Shea McAleese

Personal information
- Full name: Shea Joseph McAleese
- Born: 7 August 1984 (age 41) Napier, New Zealand
- Height: 1.77 m (5 ft 10 in)
- Weight: 82 kg (181 lb)

Sport
- Sport: Field hockey
- Position: Midfielder
- Club: Central Falcons

Youth career
- Years: Team
- 2004–2005: Canterbury

Senior career
- Years: Team / Caps / Goals
- 2005–2006: Canterbury / - / -
- 2006–2007: Tassie Tigers / - / -
- 2007–2009: Hamburg / - / -
- 2010–2011: Braxgata / - / -
- 2011–2012: Central Falcons / - / -
- 2012–2015: HGC / - / -
- 2015–2017: Braxgata / - / -
- 2017–: Central Falcons / - / -

National team
- Years: Team / Caps / Goals
- 2005–2021: New Zealand / 316 / (34)

Medal record
Men's field hockey
Representing New Zealand
Commonwealth Games
| Silver medal – second place | 2018 Gold Coast | Team |
| Bronze medal – third place | 2010 Delhi | Team |
Oceania Cup
| Silver medal – second place | 2019 Rockhampton |  |

= Shea McAleese =

New Zealand field hockey player

Shea Joseph McAleese (born 7 August 1984) is a New Zealand field hockey player who competed in the 2008 Summer Olympics and 2012 Olympics. He was part of the New Zealand team that won the bronze medal at the 2010 Commonwealth Games.
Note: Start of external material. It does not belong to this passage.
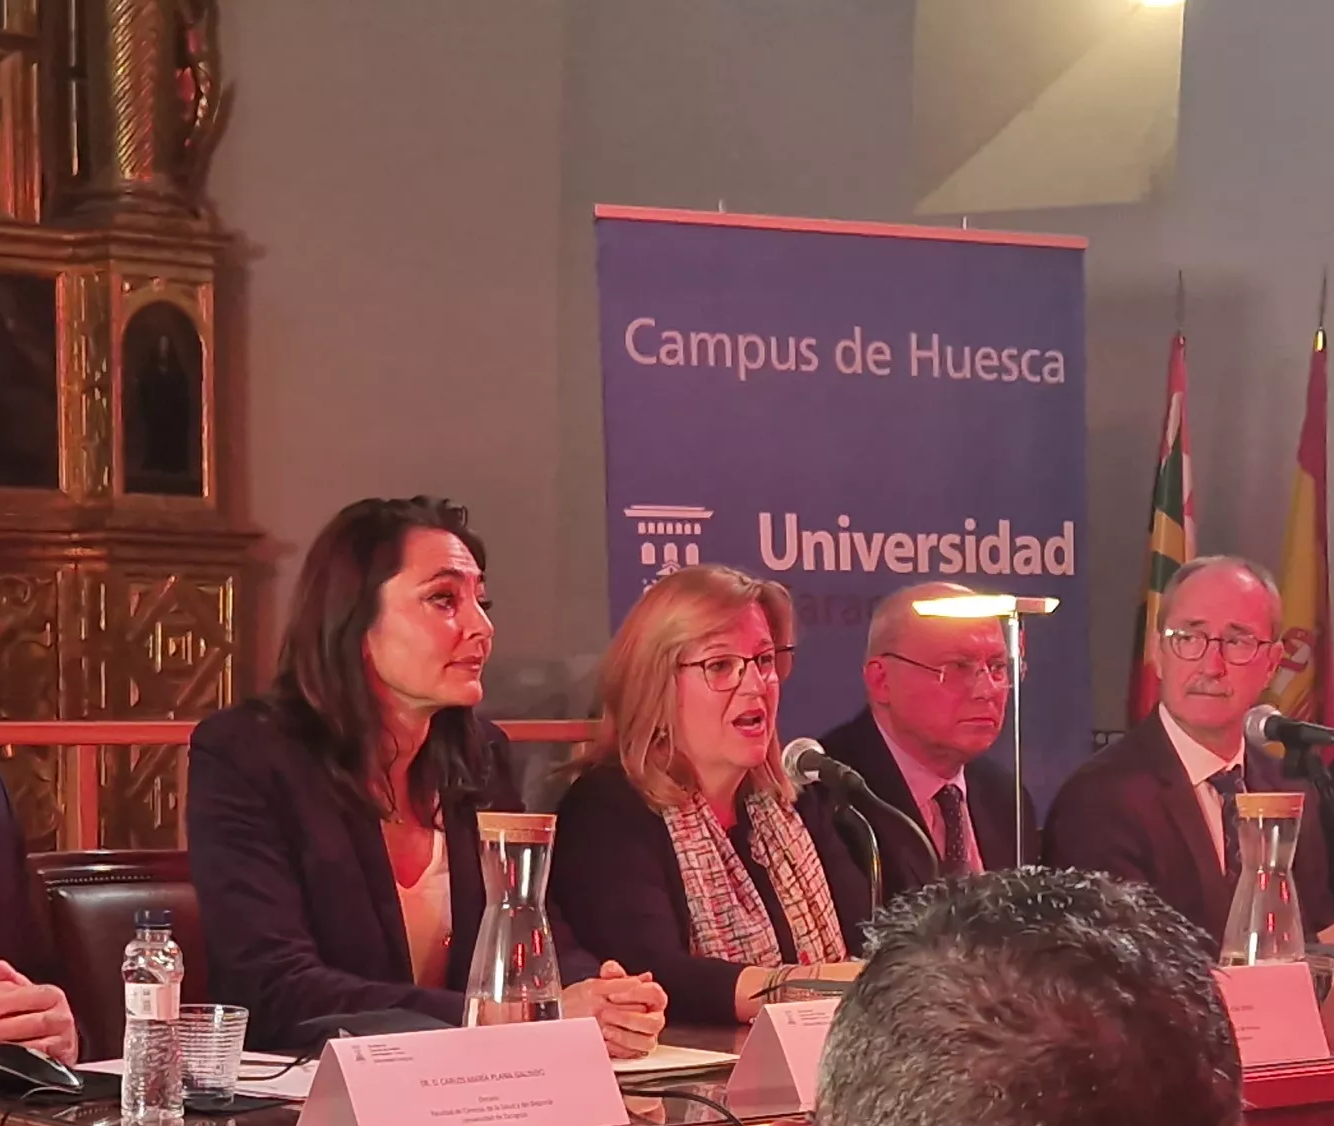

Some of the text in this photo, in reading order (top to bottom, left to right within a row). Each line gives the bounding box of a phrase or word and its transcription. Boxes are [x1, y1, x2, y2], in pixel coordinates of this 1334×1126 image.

[624, 317, 1066, 384] Campus de Huesca
[758, 512, 1076, 577] Universidad
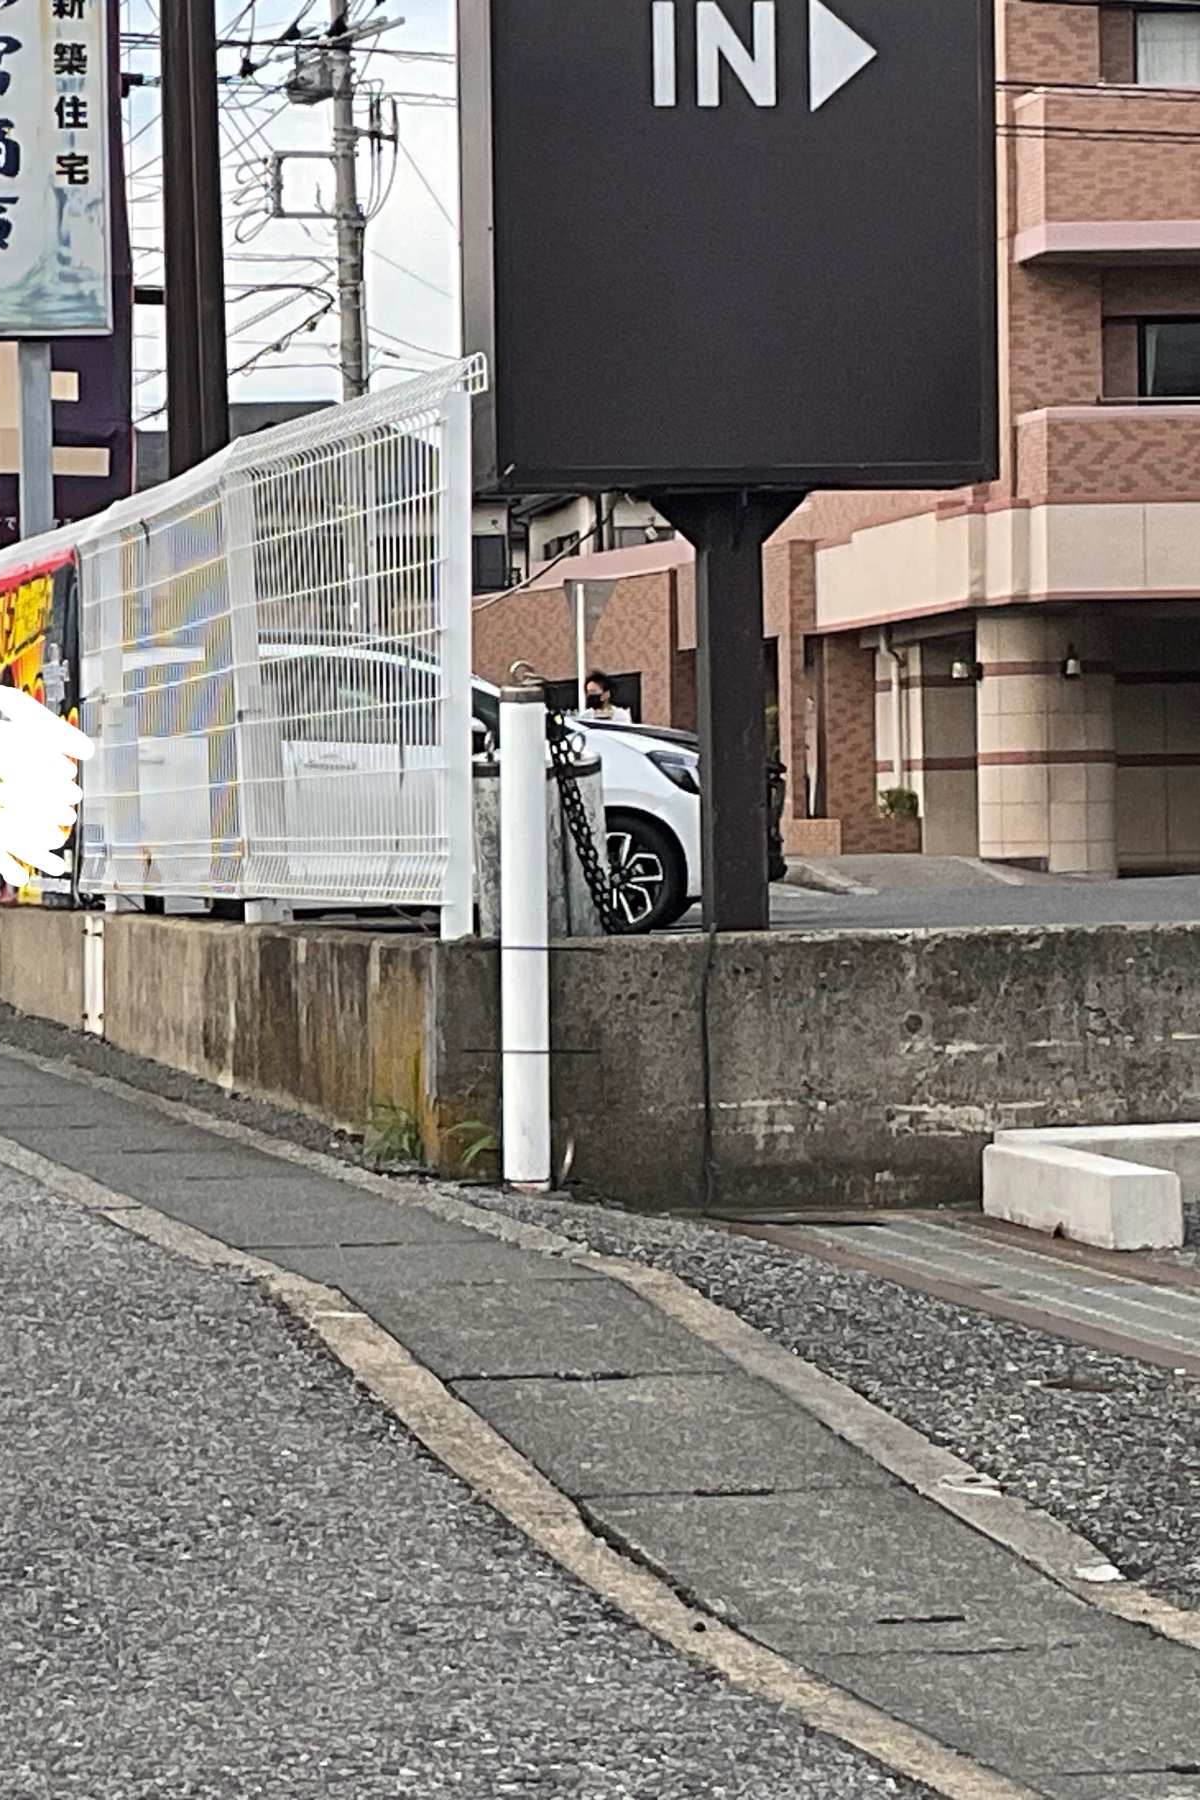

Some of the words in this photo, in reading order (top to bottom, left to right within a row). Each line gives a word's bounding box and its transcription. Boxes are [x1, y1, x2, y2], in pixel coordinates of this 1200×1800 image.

Youngest son of Dan and Margie McAleese. Has an older brother and sister, Jonathan and Aimee.

Shea McAleese played at Uhlenhorster Hockey Club in Hamburg from 2007 till 2009. With the Team he won the Euro Hockey League 2007–2008. He also helped his team to a second-place finish in the competition in the 2008–2009 Season, when they were defeated by HC Bloemendaal of The Netherlands. He represents the Uttar Pradesh Wizards in the Hockey India League. He has also coached the Central Mavericks team in New Zealand.

In August 2021, Shea McAleese announced his retirement from International Hockey.